Saya punya masalah dengan memory. Yah … Memory saya tidak bisa menyimpan dan mengingat cerita-cerita terlalu lama. Sahabat-sahabat saya kadang tergelak terbahak-bahak melihat ekspresi saya yang bertanya dan mencoba mengingat tentang cerita-cerita yang sudah pernah mereka ceritakan. Dan saya, dengan wajah penuh kebingungan, akan bertanya, “Emang lo udah pernah ceritain ini ke gue ya?!”. Tak kadang pula mereka kesal dan mengeluh, “Ya ampuuuun, cieee. Gue udah sampe berbusa nih cerita beginian ke elo waktu itu, dan sekarang lo nanya lagi, nanya lagi. Keterlaluan deh lo, cie!” … hiks.
Cuma satu kata yang bisa saya berikan untuk masalah ingatan saya ini … PARAH!! Saya memang lebih banyak gagal mengingat cerita-cerita, bahkan rahasia-rahasia mereka tanpa menanyakan kembali saat mereka menceritakan itu, untuk mencoba meyakinkan kembali memory yang tersimpan dalam otak saya. Ppffff …
Otak kita adalah generator bipolar. Setiap input yang masuk, langsung terbagi kedua jalur. Jalur pertama, diterima oleh cortex, yang fungsinya adalah menerjemahkan stimulus ke dalam siklus atraktor yang terbatas, atau disederhanakan sedemikian rupa sehingga menjadi informasi yang terkategori, entah itu bau, rasa, dan sebagainya. Jalur kedua, input ditampung oleh semacam generator acak. Input disitu bersifat nonspesifik, tidak terstruktur. Atau saking kompleksnya, tidak ada informasi yang bisa diterjemahkan. Matti Bergtrom, ilmuwan Finlandia yang meneliti masalah ini, bilang bahwa generator acak itu bisa kita rasakan waktu kita benar-benar baru bangun tidur. Kosong dan tidak ingat apa-apa, sampai akhirnya cortex kembali membanjiri kita dengan informasi. (sumber info nyontek dari internet)
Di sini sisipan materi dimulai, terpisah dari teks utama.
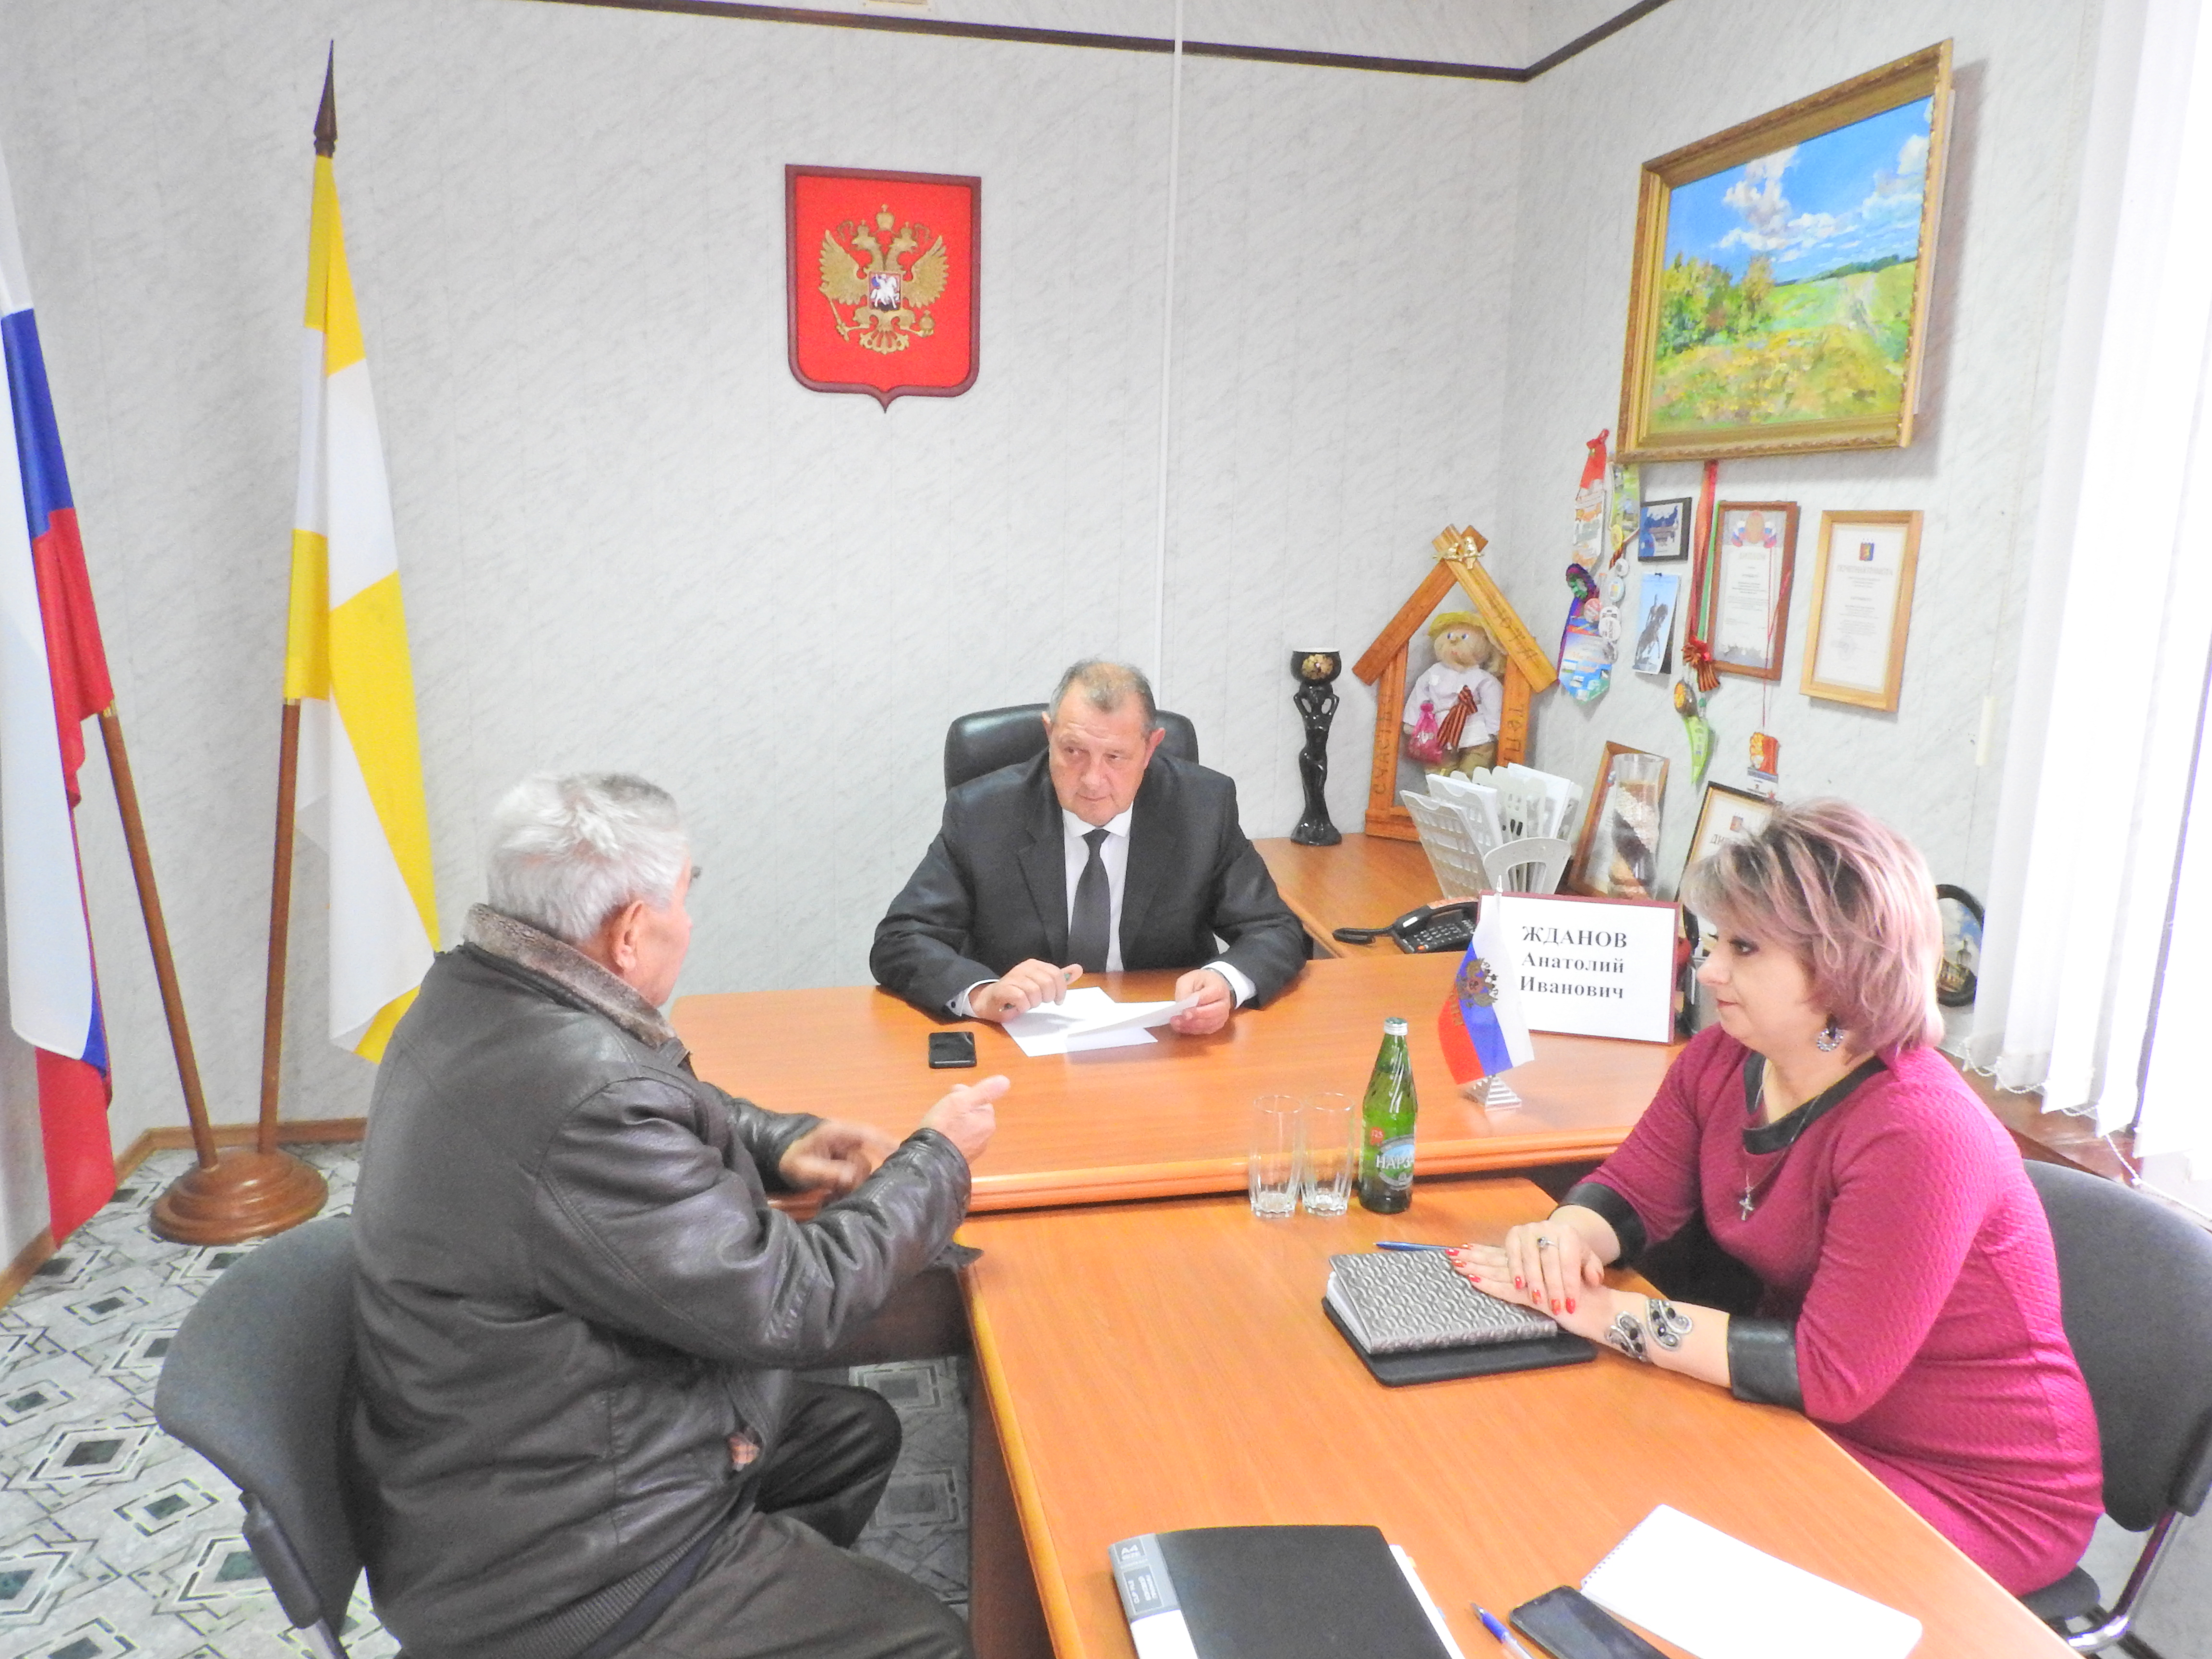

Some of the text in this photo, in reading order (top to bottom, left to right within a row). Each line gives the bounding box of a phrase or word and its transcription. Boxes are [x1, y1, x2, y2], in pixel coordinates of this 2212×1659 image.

[1522, 925, 1627, 948] ЖДАНОВ
[1521, 951, 1624, 974] Анатолий
[1519, 975, 1624, 999] Иванович
Mungkin, dalam kasus saya ini, semua informasi yang masuk, gagal diterima oleh cortex dan langsung masuk dalam generator acak, sehingga semua informasi tidak bisa diterjemahkan untuk diklasifikasikan. Atau, kemungkinan lainnya, ibarat memory dalam smartphone, dari mulai 1 GB hingga saat ini sudah ada memory berkapasitas 256 GB. Dengan memory sebesar itu, konon ratusan ribu lagu dan ribuan foto bisa tersimpan didalamnya. Dan memory yang ada dalam otak saya masih tetap 1 GB, sedangkan informasi yang saya terima lebih dari itu setiap harinya. Hasilnya, bila ada informasi yang baru masuk, maka pilihannya adalah harus membuang memory yang sudah dulu ada. Bayangkan, sebuah otak memproduksi rata-rata 14.000 pemikiran per hari, 5 juta per tahun. Bisa dibayangkan, betapa complex dan rumitnya pemikiran manusia setiap harinya?!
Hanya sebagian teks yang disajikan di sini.